In particular, there is a _lot_ of flakiness with reactivity and because
reactive things are magical in Svelte, it's very hard to diagnose and correct
such issues. Reactive code becomes spaghetti fairly quickly once you start
adding logic to prevent it breaking.

Those neat out-of-the-box transitions completely break unmounting/remounting
as would be the case with, say, changing "pages" (using a router). If there's
any transition still going on, the unmount will fail and yet the replacement
component will be mounted, resulting in a frankenpage.

It's also maybe _too_ declarative in the sense that certain things that are
easy to do imperatively require you to coerce Svelte to achieve them.
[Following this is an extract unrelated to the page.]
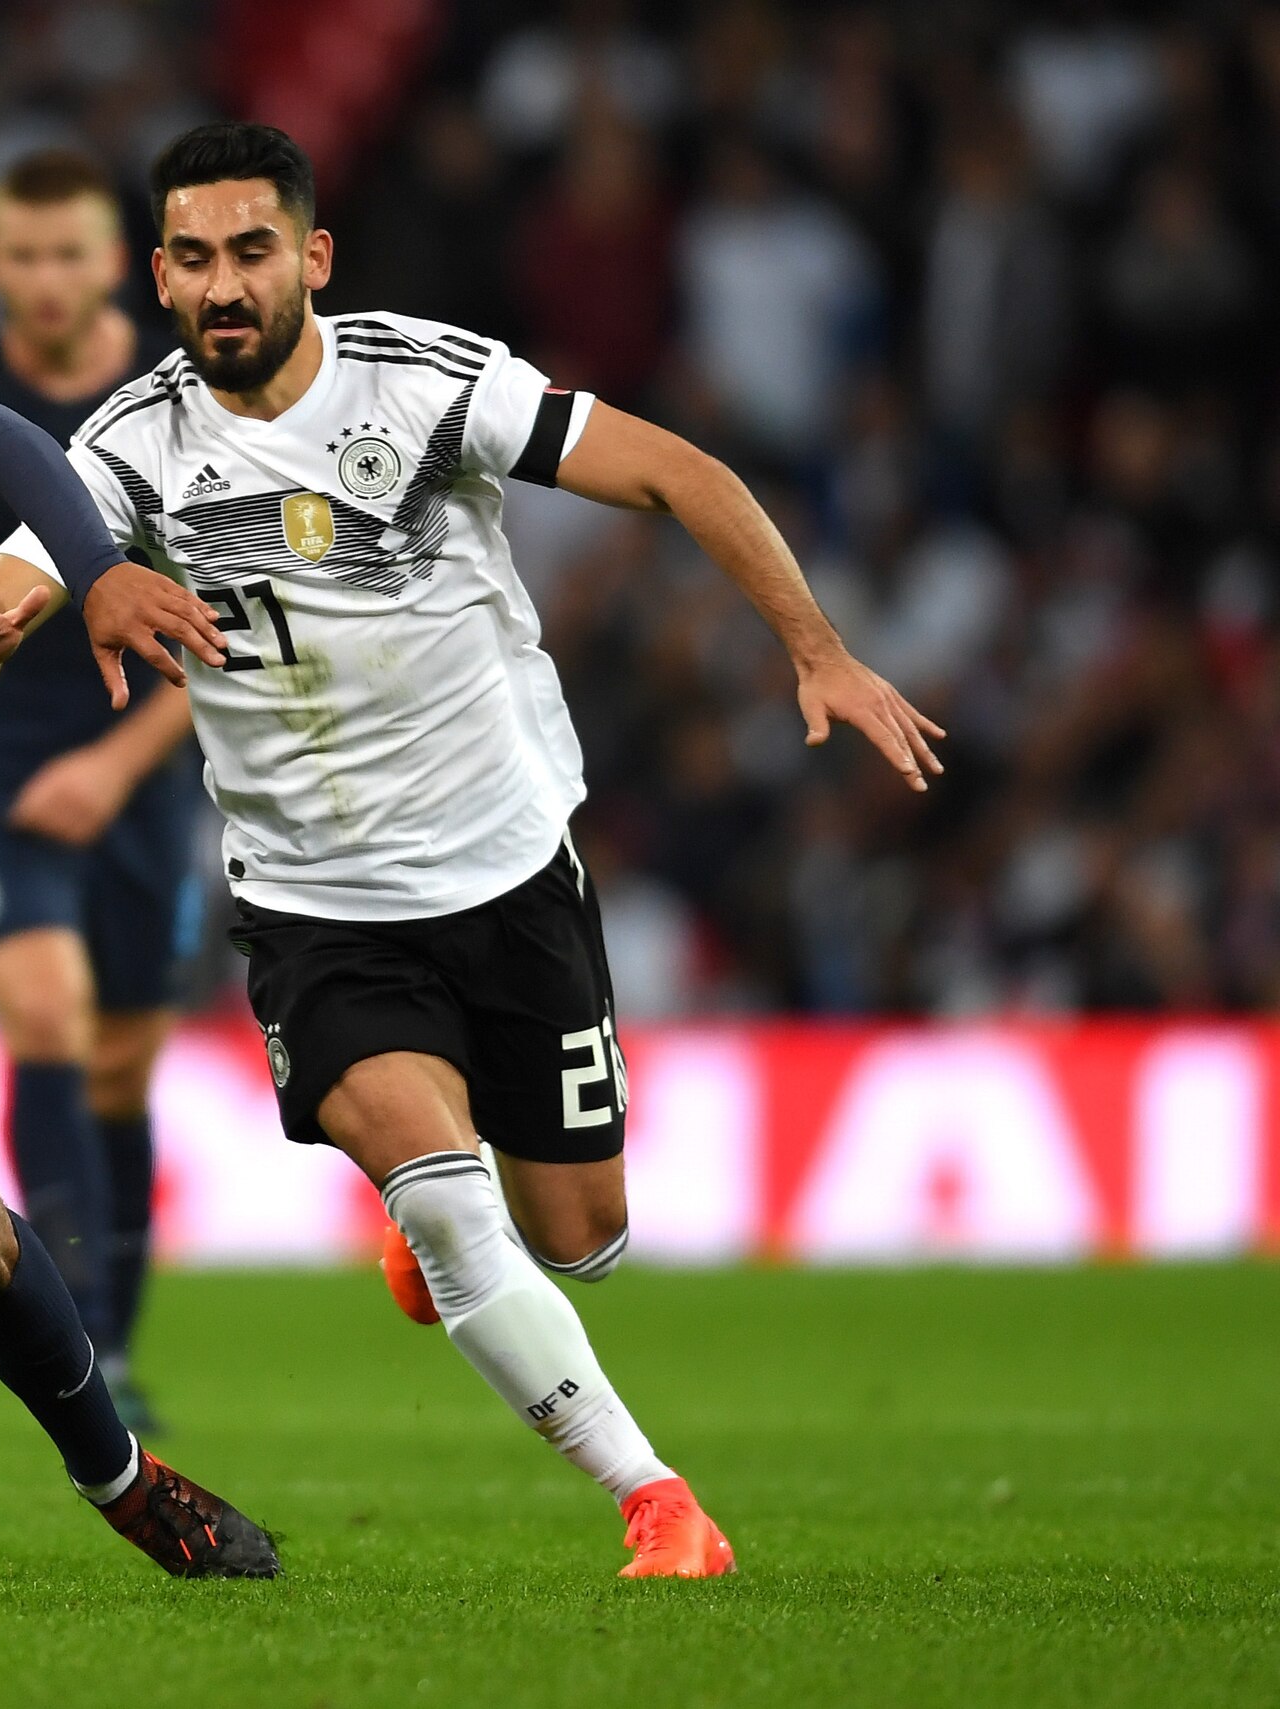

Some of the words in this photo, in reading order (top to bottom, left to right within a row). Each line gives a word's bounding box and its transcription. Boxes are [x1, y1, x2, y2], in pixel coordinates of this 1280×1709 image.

[182, 480, 231, 499] adidas
[195, 578, 300, 673] 21
[526, 1377, 580, 1421] DFB
You
sometimes find yourself deliberately trying to fool Svelte into doing an
update.

__

But do I regret choosing it? Not really. All frameworks have flaws. IMHO:
Angular is a convoluted spaghetti of nonstandardness, React has its head on
backwards with JSX, Vue has too many quirks... I'm partial to riot.js which
has just been updated to v4, but I have yet to try the latest version.

------
sveit
Mark Volkmann gave a great talk on Svelte[0].

[0]:
[https://www.youtube.com/watch?v=4_PTdJq-1rA](https://www.youtube.com/watch?v=4_PTdJq-1rA)

------
fiatjaf
Doesn't work with Browserify. Please someone make it work with Browserify!